[Spatial localization data]
======

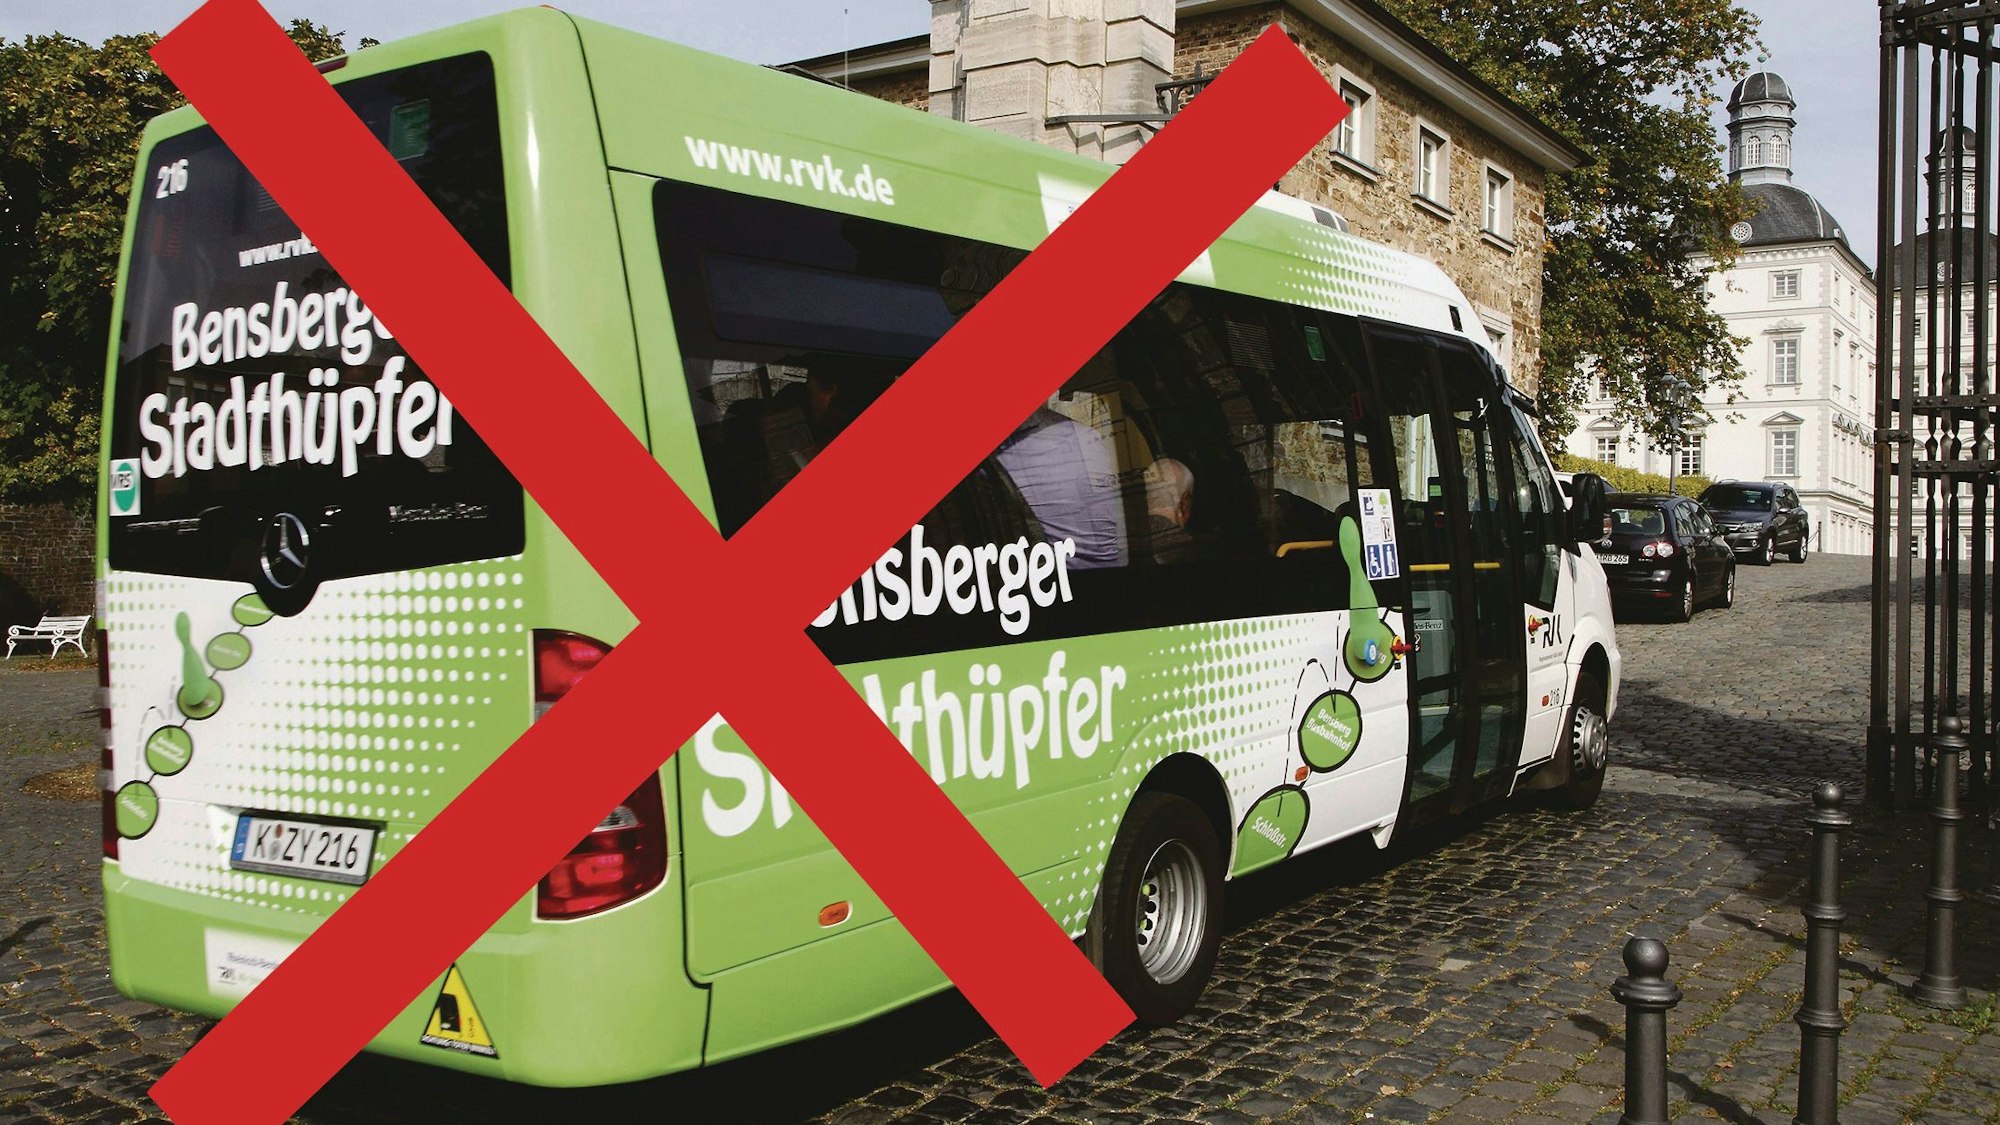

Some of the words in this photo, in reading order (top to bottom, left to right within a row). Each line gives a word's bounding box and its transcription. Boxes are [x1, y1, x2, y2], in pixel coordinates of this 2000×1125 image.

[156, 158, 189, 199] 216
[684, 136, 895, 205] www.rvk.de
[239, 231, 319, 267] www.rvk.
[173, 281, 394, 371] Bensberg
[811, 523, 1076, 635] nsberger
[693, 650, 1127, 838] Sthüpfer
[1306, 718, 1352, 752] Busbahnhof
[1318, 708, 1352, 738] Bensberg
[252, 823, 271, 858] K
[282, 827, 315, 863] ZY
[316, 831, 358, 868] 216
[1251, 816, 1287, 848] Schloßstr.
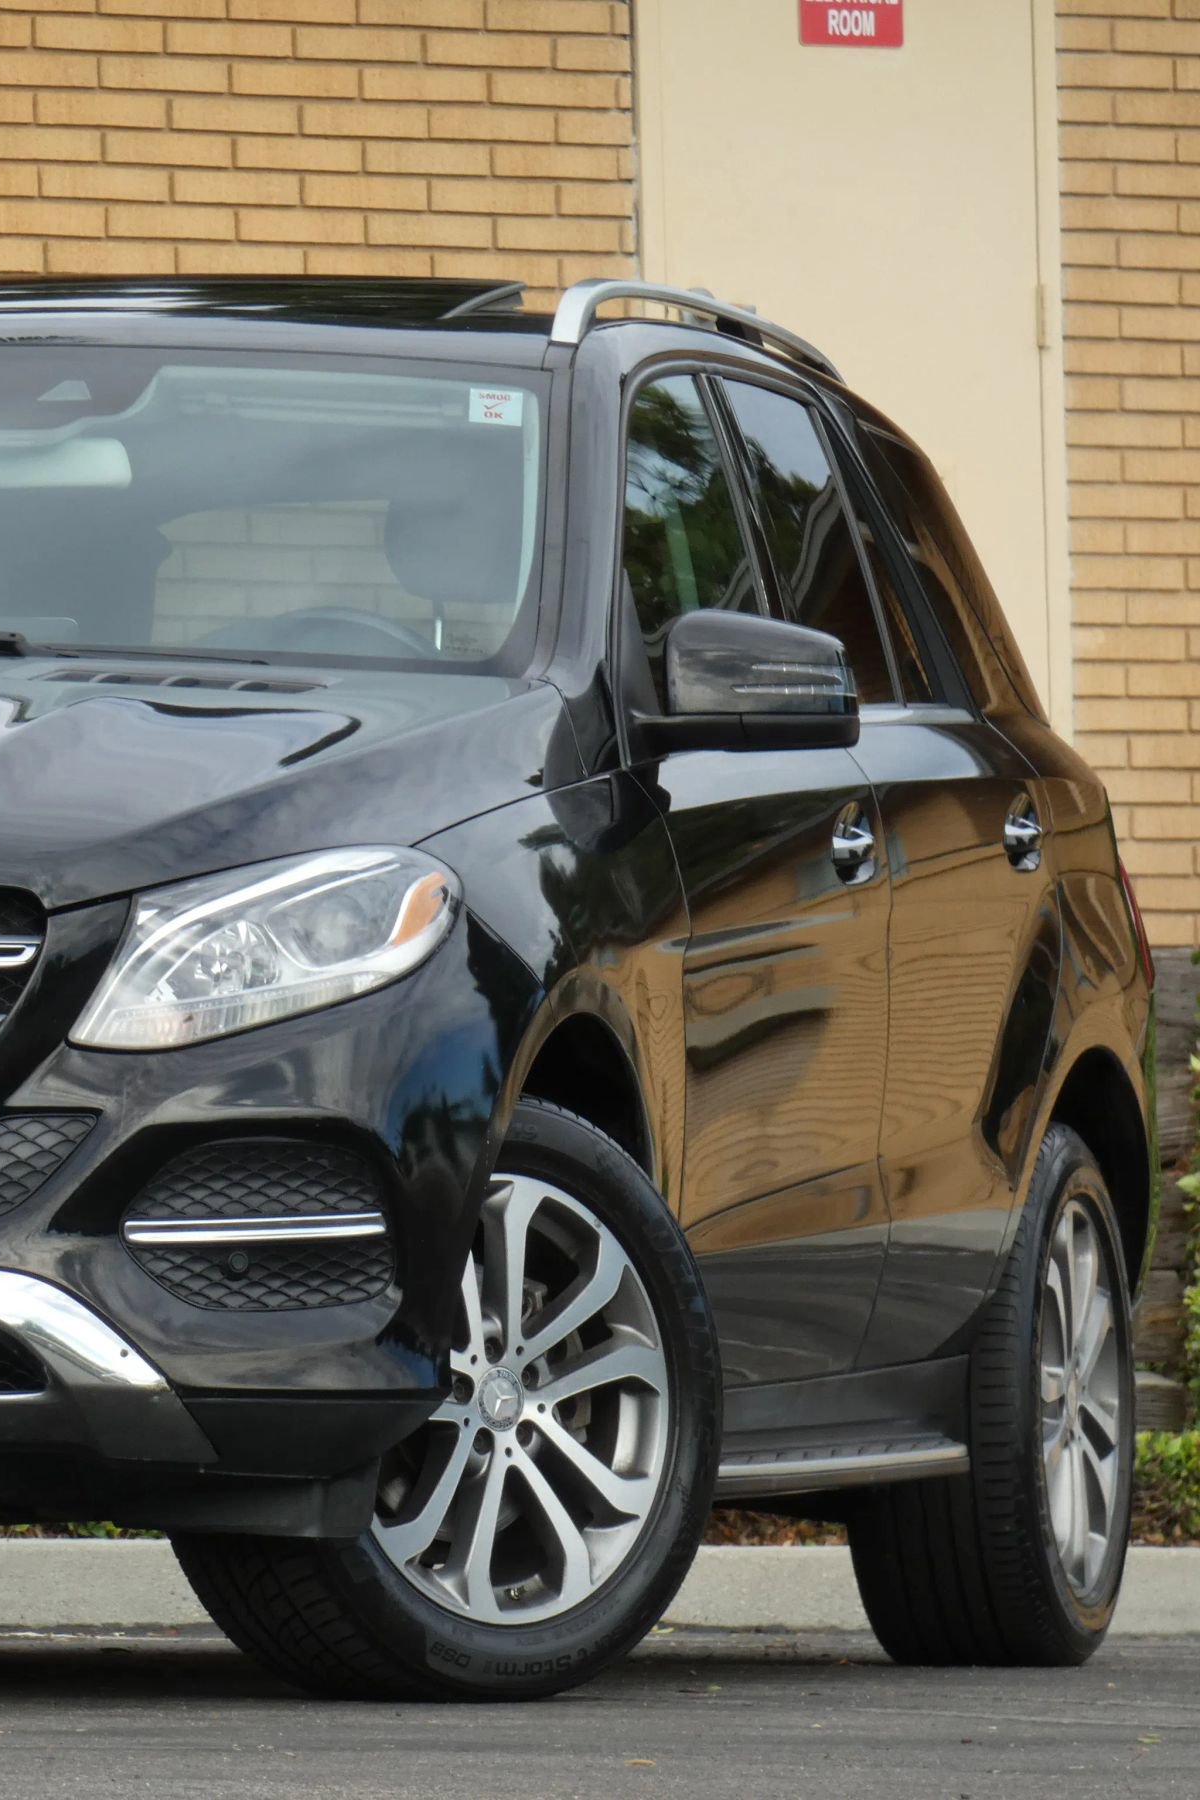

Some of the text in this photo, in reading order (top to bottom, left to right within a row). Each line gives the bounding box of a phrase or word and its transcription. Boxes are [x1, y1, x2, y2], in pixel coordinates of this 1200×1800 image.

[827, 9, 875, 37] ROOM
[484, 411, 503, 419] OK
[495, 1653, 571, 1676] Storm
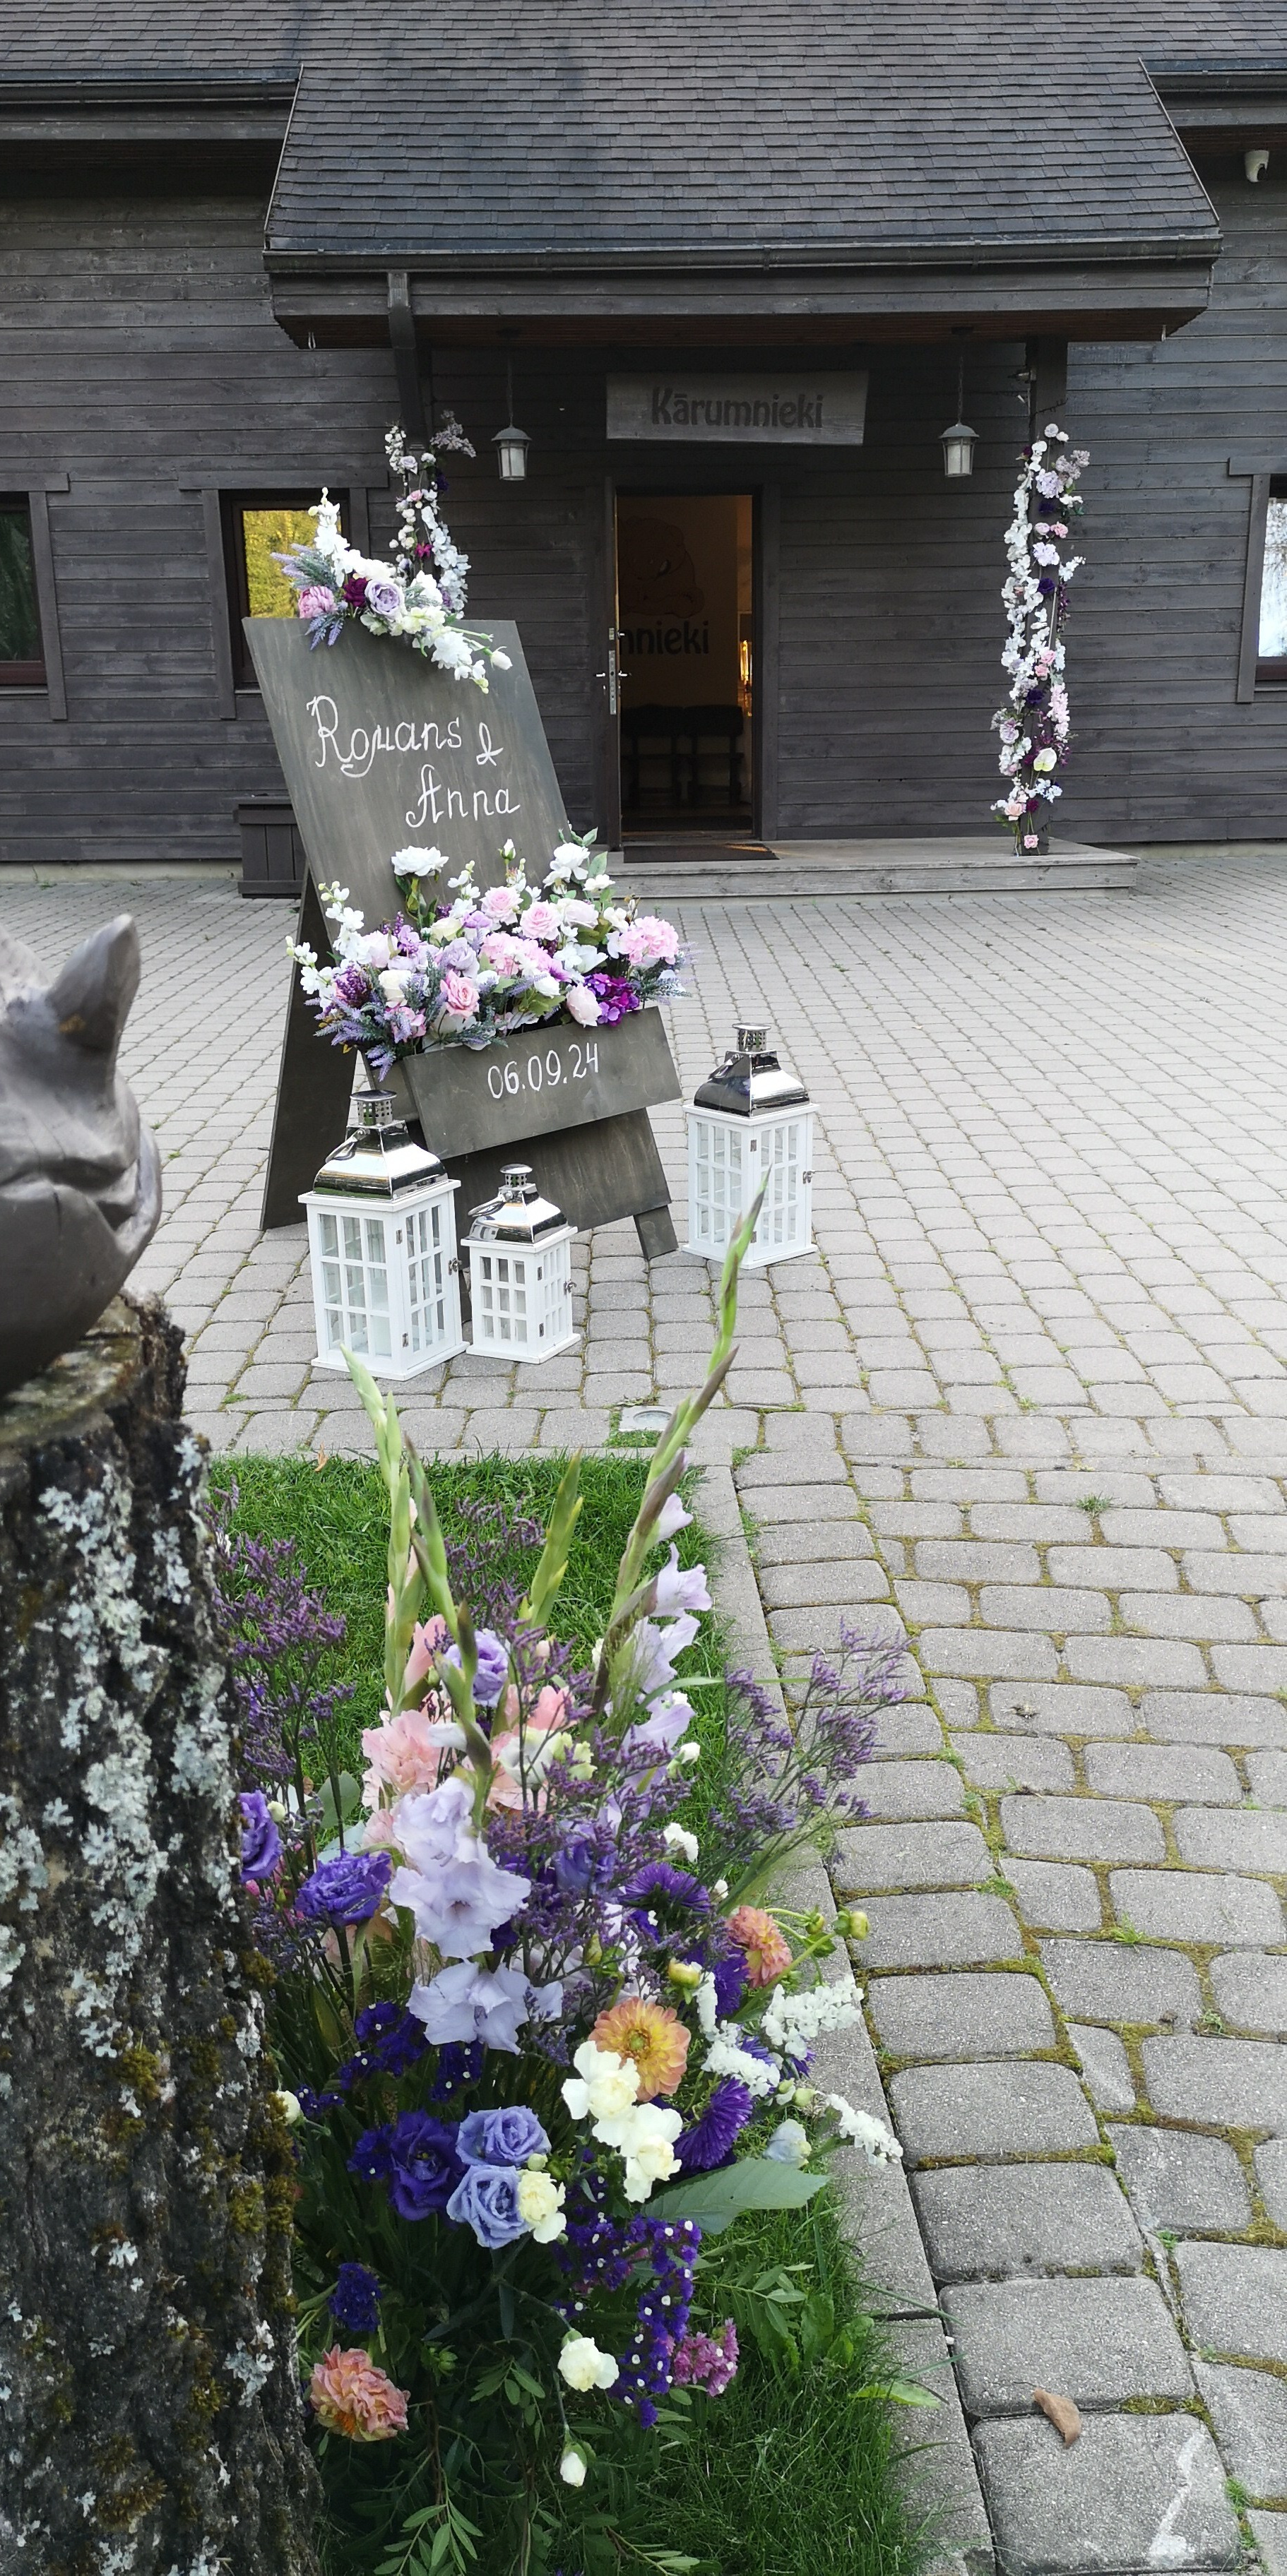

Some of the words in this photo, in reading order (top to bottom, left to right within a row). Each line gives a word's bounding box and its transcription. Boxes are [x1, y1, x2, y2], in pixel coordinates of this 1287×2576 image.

======

### WORK TO COMPLETE
Word for word, return the records shown above without their pictures.

### ANSWER TO THE PROBLEM
Some of the words in this photo, in reading order (top to bottom, left to right within a row). Each line gives a word's bounding box and its transcription. Boxes are [x1, y1, x2, y2], in pixel coordinates of this 2000×1125 image.

[156, 158, 189, 199] 216
[684, 136, 895, 205] www.rvk.de
[239, 231, 319, 267] www.rvk.
[173, 281, 394, 371] Bensberg
[811, 523, 1076, 635] nsberger
[693, 650, 1127, 838] Sthüpfer
[1306, 718, 1352, 752] Busbahnhof
[1318, 708, 1352, 738] Bensberg
[252, 823, 271, 858] K
[282, 827, 315, 863] ZY
[316, 831, 358, 868] 216
[1251, 816, 1287, 848] Schloßstr.

Some of the text in this photo, in reading order (top to bottom, left to right within a row). Each line gives the bounding box of a phrase or word and its transcription. Boxes are [x1, y1, x2, y2], in pixel coordinates of this 1200×1800 image.

[827, 9, 875, 37] ROOM
[484, 411, 503, 419] OK
[495, 1653, 571, 1676] Storm

Some of the words in this photo, in reading order (top to bottom, left to right within a row). Each line gives a word's bounding box and its transcription. Boxes are [x1, y1, x2, y2], in pixel coordinates of this 1287×2576 image.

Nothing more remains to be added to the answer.